Data provided.
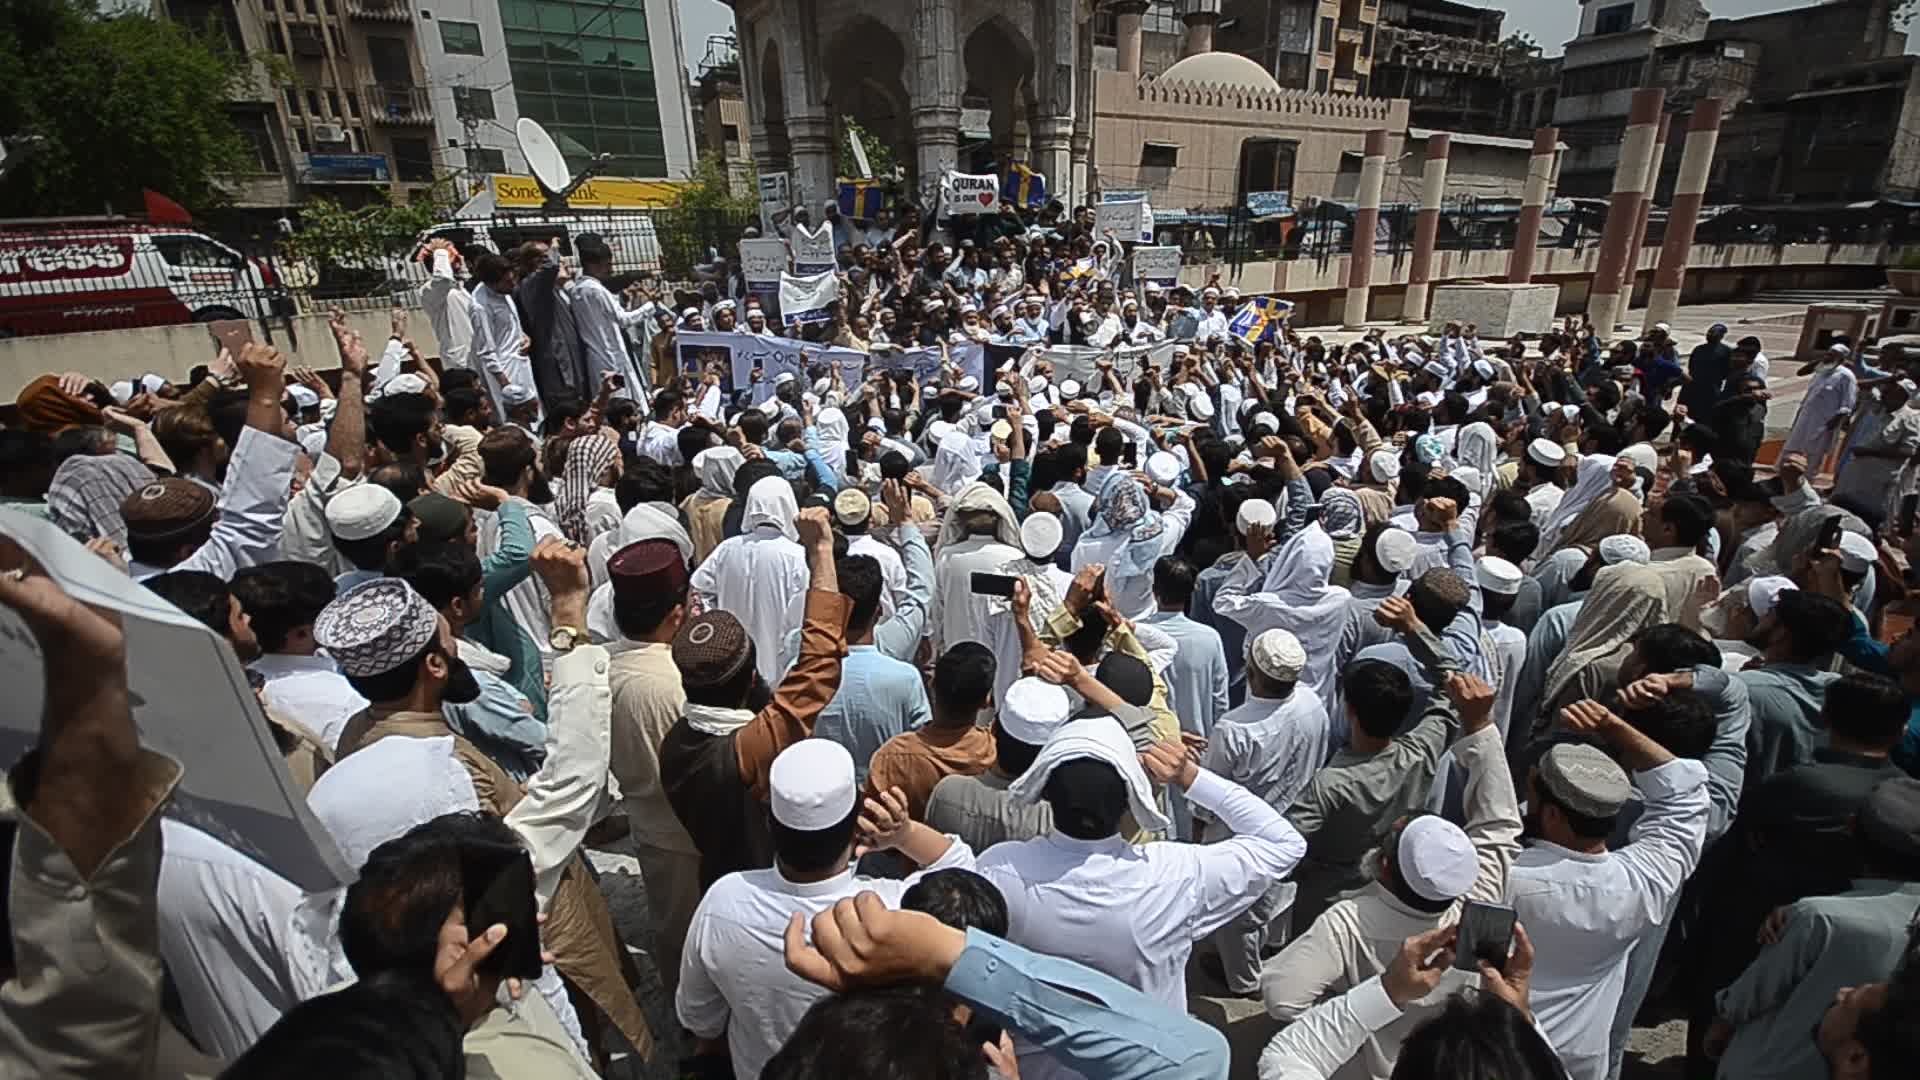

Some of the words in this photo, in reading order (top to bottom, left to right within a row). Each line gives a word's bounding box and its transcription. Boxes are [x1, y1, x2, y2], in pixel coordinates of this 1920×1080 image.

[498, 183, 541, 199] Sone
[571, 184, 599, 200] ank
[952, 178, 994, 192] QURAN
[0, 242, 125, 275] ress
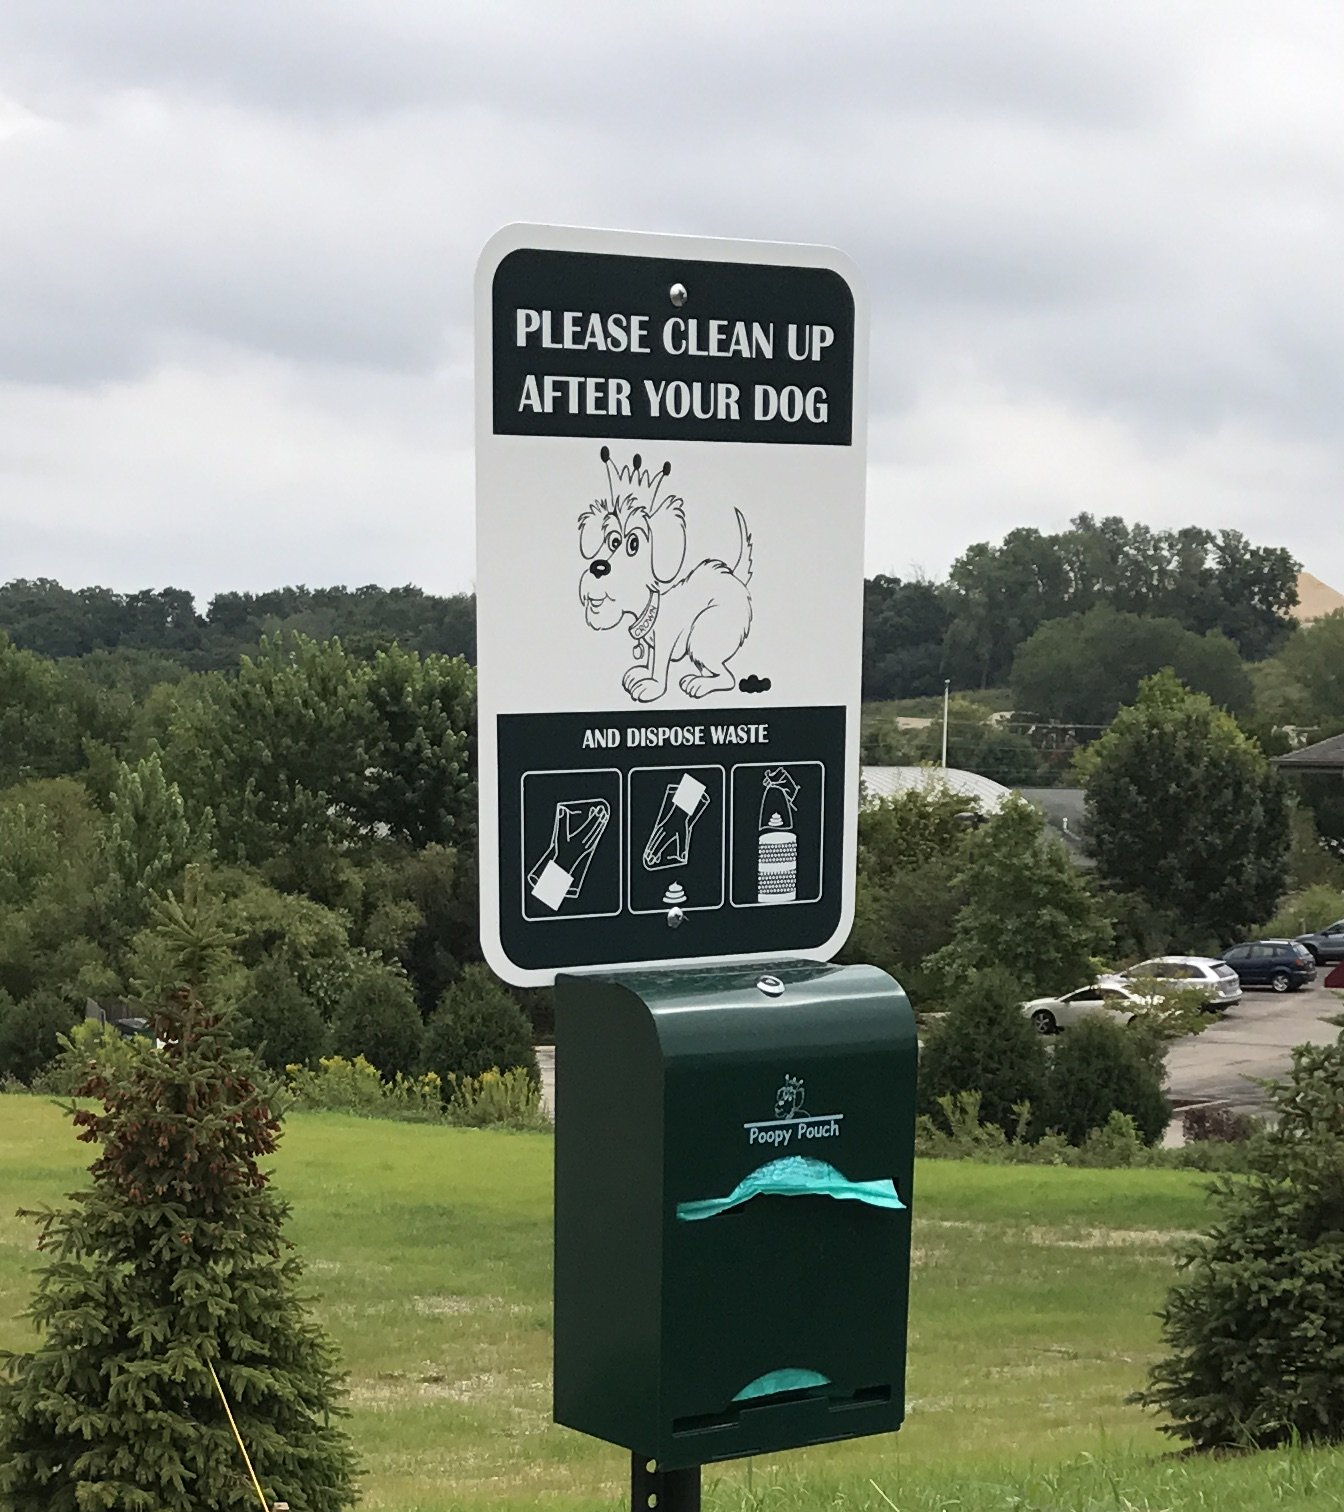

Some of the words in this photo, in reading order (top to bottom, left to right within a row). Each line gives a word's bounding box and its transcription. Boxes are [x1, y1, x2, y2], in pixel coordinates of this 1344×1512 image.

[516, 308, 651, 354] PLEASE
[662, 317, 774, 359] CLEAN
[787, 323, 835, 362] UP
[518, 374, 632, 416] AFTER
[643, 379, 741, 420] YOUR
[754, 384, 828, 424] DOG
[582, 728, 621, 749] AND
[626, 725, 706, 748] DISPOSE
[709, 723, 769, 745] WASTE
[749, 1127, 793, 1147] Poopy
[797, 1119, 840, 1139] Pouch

What is required. Retype the data in full. Images do not go in the copy.

Output.
Some of the words in this photo, in reading order (top to bottom, left to right within a row). Each line gives a word's bounding box and its transcription. Boxes are [x1, y1, x2, y2], in pixel coordinates of this 1920×1080 image.

[498, 183, 541, 199] Sone
[571, 184, 599, 200] ank
[952, 178, 994, 192] QURAN
[0, 242, 125, 275] ress

Some of the words in this photo, in reading order (top to bottom, left to right within a row). Each line gives a word's bounding box and its transcription. Boxes are [x1, y1, x2, y2], in pixel coordinates of this 1344×1512 image.

[516, 308, 651, 354] PLEASE
[662, 317, 774, 359] CLEAN
[787, 323, 835, 362] UP
[518, 374, 632, 416] AFTER
[643, 379, 741, 420] YOUR
[754, 384, 828, 424] DOG
[582, 728, 621, 749] AND
[626, 725, 706, 748] DISPOSE
[709, 723, 769, 745] WASTE
[749, 1127, 793, 1147] Poopy
[797, 1119, 840, 1139] Pouch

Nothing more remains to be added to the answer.